Most moments it feels impossible to reconcile the dichotomy of grief and hope. Yet there is much solace in choosing to believe.

"For in grief nothing 'stays put.' One keeps on emerging from a phase, but it always recurs. Round and round. Everything repeats. Am I going in circles, or dare I hope I am on a spiral? But if a spiral, am I going up or down it? How often—will it be for always?—how often will the vast emptiness astonish me like a complete novelty and make me say, 'I never realized my loss till this moment'? The same leg is cut off time after time." — C.S. Lewis, A Grief Observed


February 4, 2023

My two older boys had their first soccer game of the spring season this morning. I went. Being there was overwhelming—watching people laugh, cheer, and live life without the slightest clue of the suffering going on in my heart.

I felt angry. How can life outside feel so normal? Don't they know? Certainly there's been a mistake, and he should be here watching his grandchildren play their first game. How many more moments will there be like this? How many more firsts will come where his absence fills my heart with an overwhelming sense of grief?


February 8, 2023

This week has been the hardest. Maybe because it's felt almost "normal" between parenting, homeschooling, and the myriad of activities those two hats include, I'm feeling like there simply isn't ample time or space to grieve.

It's such a confusing feeling—vacillating between complete despair and incomprehensible hope. I have to believe heaven is real, because if not, then what? Hopelessness.

There are small moments of peace in knowing he loved the Lord.

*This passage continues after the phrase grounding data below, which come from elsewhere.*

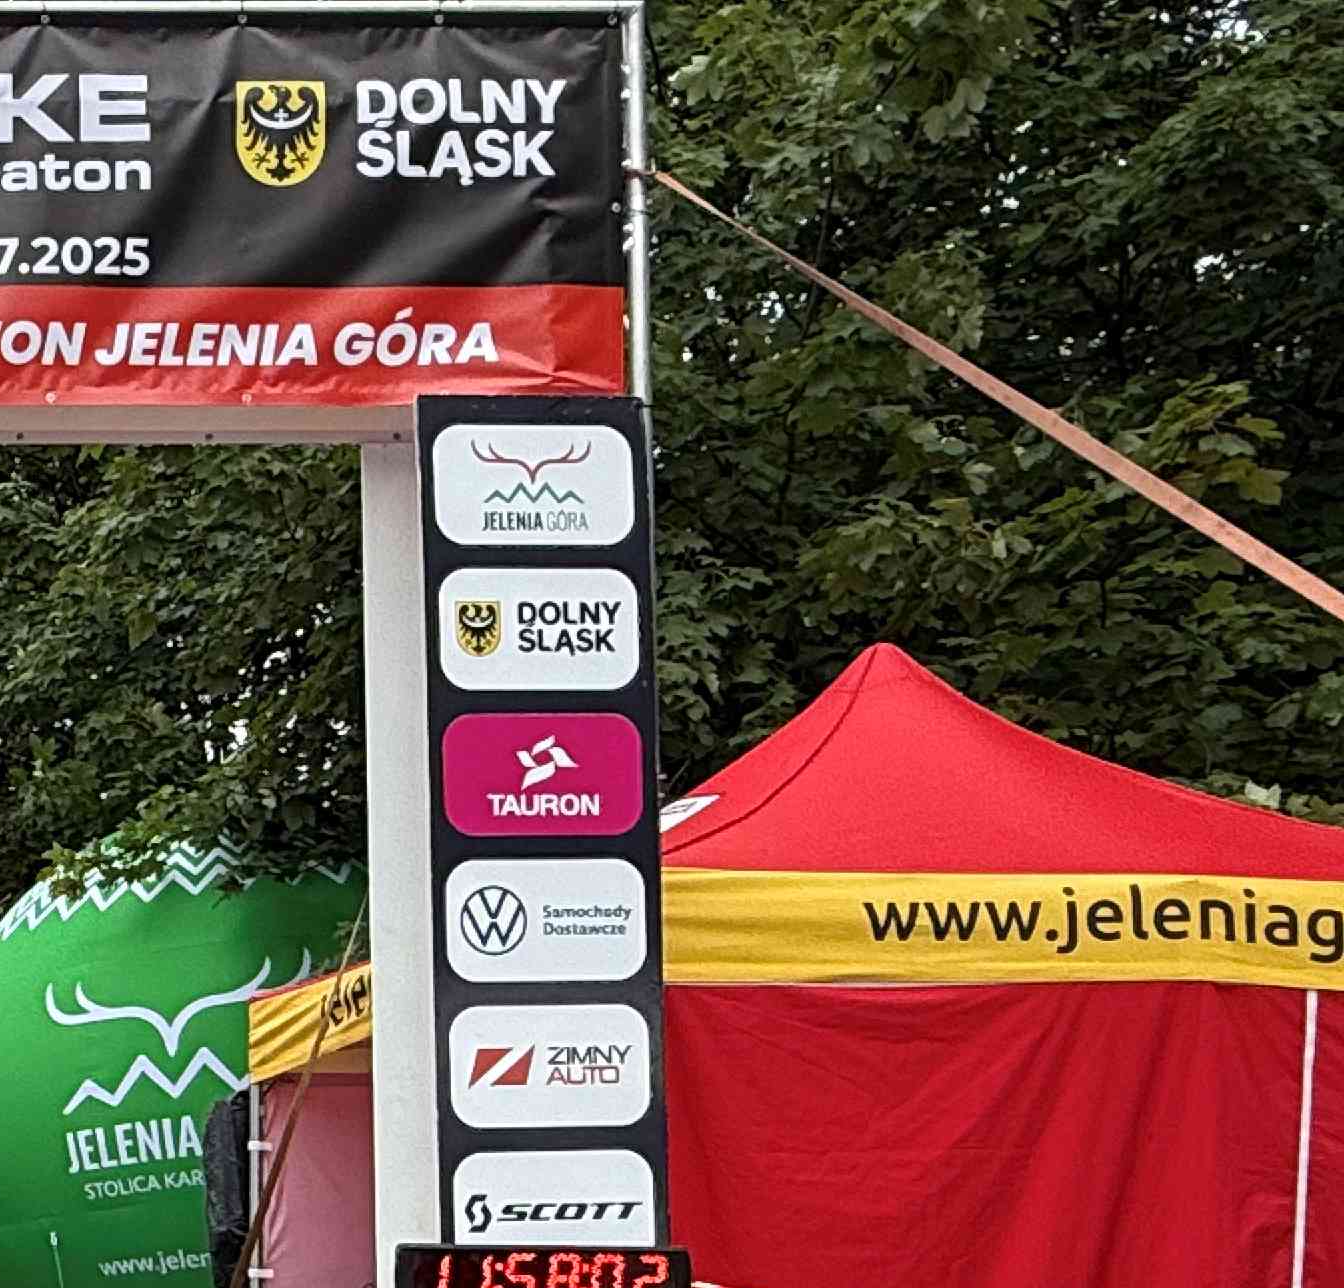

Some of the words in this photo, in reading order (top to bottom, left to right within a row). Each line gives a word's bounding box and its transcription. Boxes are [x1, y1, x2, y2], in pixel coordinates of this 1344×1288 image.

[356, 79, 567, 124] DOLNY
[356, 120, 556, 186] ŚLĄSK
[93, 321, 318, 368] JELENIA
[333, 306, 500, 366] GÓRA
[482, 510, 544, 532] JELENIA
[546, 507, 590, 531] GÓRA
[517, 601, 622, 626] DOLNY
[517, 622, 617, 656] ŚLĄSK
[485, 793, 601, 817] TAURON
[542, 904, 632, 922] Samochody
[542, 921, 627, 936] Dostawcze
[546, 1045, 632, 1065] ZIMNY
[546, 1066, 620, 1086] AUTO
[66, 1115, 204, 1174] JELENIA
[84, 1174, 162, 1200] STOLICA
[497, 1202, 643, 1222] SCOTT

But even so, today I just miss my dad.

I miss his laugh, his encouragement, his conviction. Most of all, I miss his presence. I miss how much he treasured my children. I miss his loud clap that accompanied his boisterous laugh. I miss the way his beard prickled my head when he kissed the top of it. I miss his sense of humor and his love of sports. I miss his daily plodding and choosing faith over fear—even though he wasn't perfect and his life wasn't always easy.

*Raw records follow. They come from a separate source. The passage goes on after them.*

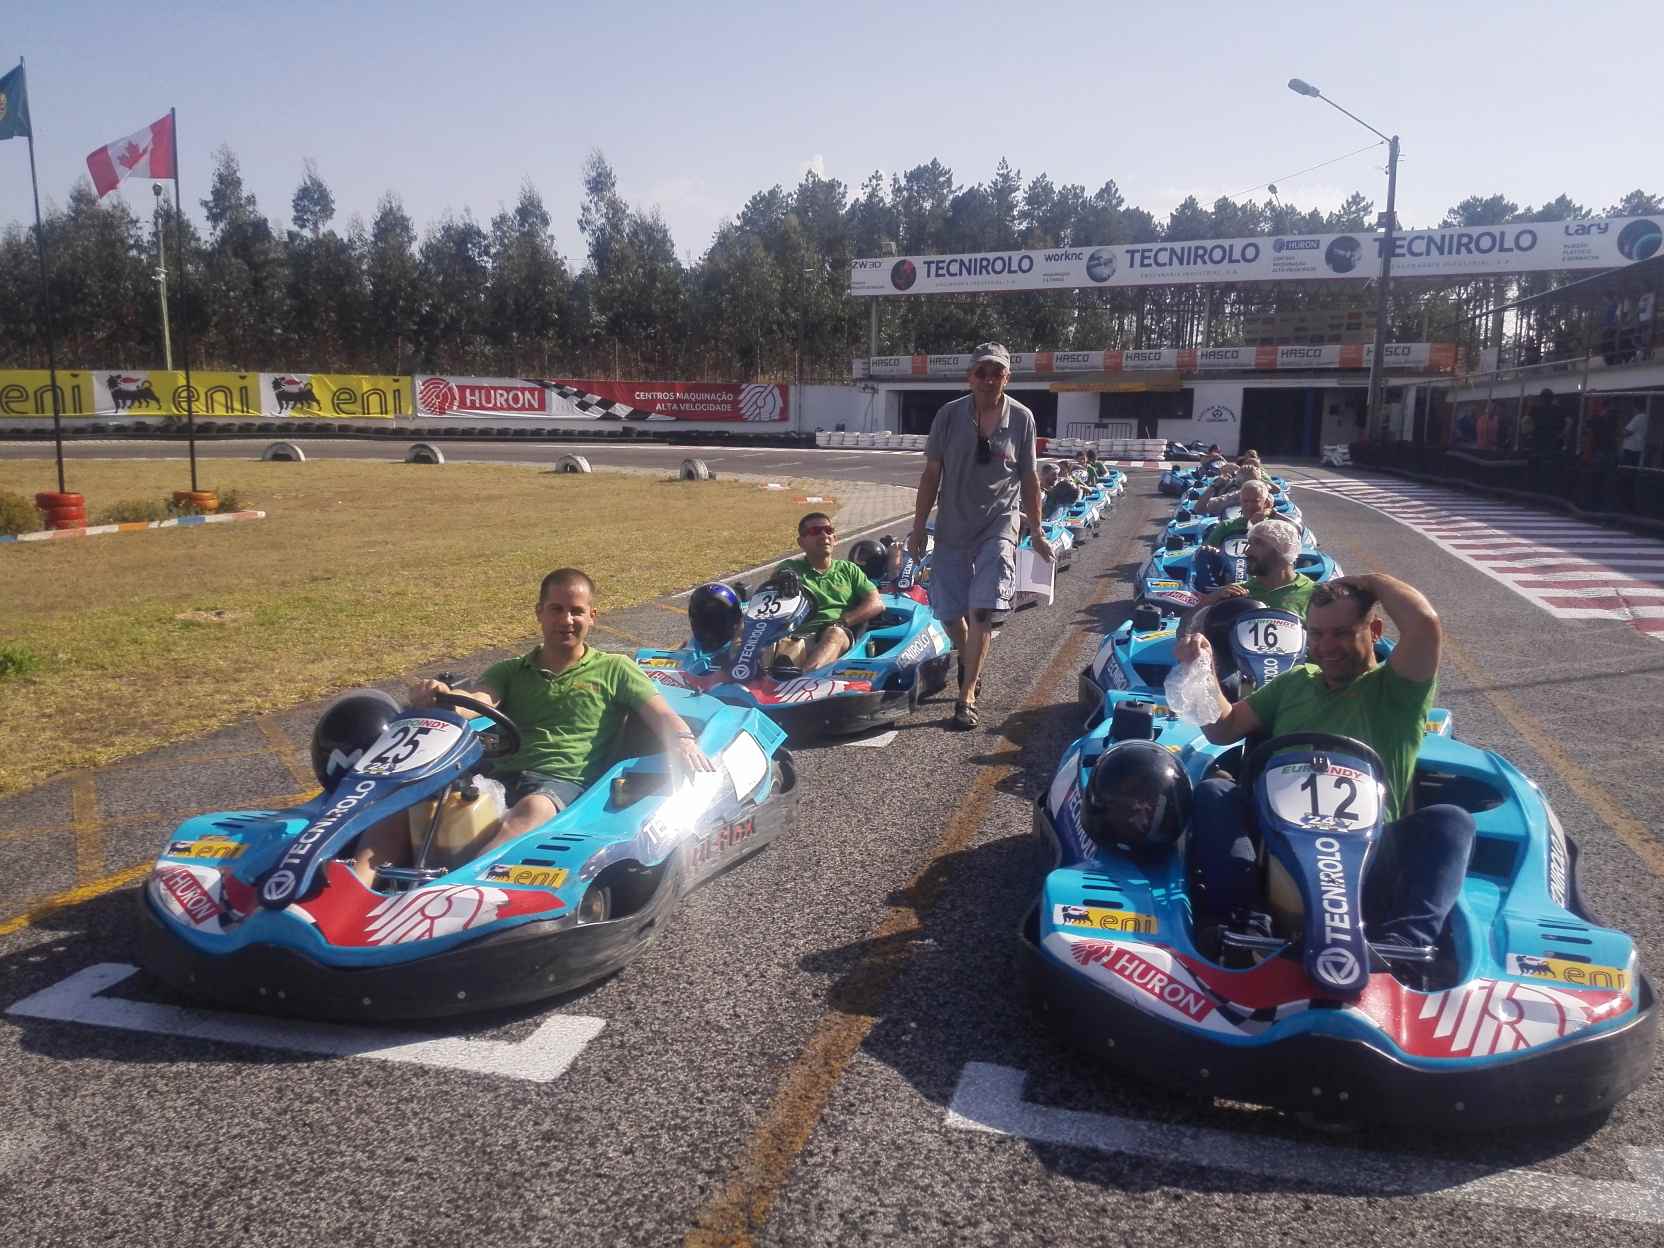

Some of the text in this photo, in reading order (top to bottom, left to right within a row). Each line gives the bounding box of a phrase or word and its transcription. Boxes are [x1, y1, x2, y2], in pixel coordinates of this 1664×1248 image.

[1373, 229, 1538, 258] TECNIROLO
[923, 255, 1034, 278] TECNIROLO
[1044, 250, 1084, 263] worknc
[1125, 242, 1260, 269] TECNIROLO
[872, 358, 900, 367] HASCO
[929, 357, 959, 366] HASCO
[1056, 354, 1090, 363] HASCO
[1126, 352, 1161, 361] HASCO
[1200, 350, 1239, 360] HASCO
[1280, 348, 1322, 358] HASCO
[1366, 346, 1411, 356] HSCO
[0, 373, 82, 414] eni
[172, 375, 249, 415] eni
[331, 378, 401, 415] eni
[465, 387, 539, 410] HURON
[634, 391, 675, 400] CENTROS
[656, 403, 732, 411] ALTA VELOCIDADE
[757, 595, 781, 614] 35
[1249, 623, 1278, 647] 16
[370, 727, 432, 764] 25
[1301, 773, 1359, 821] 12
[279, 780, 376, 868] TECNIROLO
[513, 868, 564, 888] eni
[168, 876, 217, 919] HURON
[1315, 838, 1350, 943] TECNIROLO
[1100, 913, 1155, 933] eni
[1113, 952, 1206, 1016] HURON
[1563, 967, 1625, 990] eni

Being left behind is hard. The unknown is hard. Death is hard.


Life-Defining Questions

Experiencing this sort of loss makes me wonder how it's possible to go about our daily lives without ever giving something as imminent as death a second thought. No experience has given me as much pause to consider questions like:

  • What do I believe about life and death?
  • Do I really believe the truths I've studied in my Bible?
  • How can I go on knowing more loss is an inevitable part of life on this side of heaven?
  • How do I grieve while taking care of my family?

I don't know the answers to all of the questions that flood my mind.

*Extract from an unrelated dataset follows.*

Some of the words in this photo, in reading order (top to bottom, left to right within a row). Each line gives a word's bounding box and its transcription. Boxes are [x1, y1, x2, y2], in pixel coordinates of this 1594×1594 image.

But I do know that this is a defining moment in my life—a season by which all other seasons will be labeled as either "before" or "after," and a season in which each day brings a fair amount of unpredictability. Some days I wake up with an unshakable dark cloud looming over my soul. Other days I wake up feeling good enough to do some laundry and get some school done.

One day at a time.


February 17, 2023

Today is my daughter's 4th birthday—the first of many "firsts" without my dad. I honestly didn't expect it to be so hard. While sitting outside, sobbing, I noticed blossoms on the trees. Spring is coming. The promise of new life as the seasons change—a reminder that time goes on.

My oldest son came up to me and gently rested his arm on my shoulder. After a moment he said, "It's okay, Mom. I know you're sad. But you don't have to be. You will see Opa again."

The human heart is a conundrum of feelings—sweet and sad mixed together, inseparable.


March 8, 2023

Today would have been my dad's 66th birthday. I'm grateful for the time we had. I'm grateful for the memories. I'm grateful for the hope of seeing him again.

Until then, I will keep choosing faith.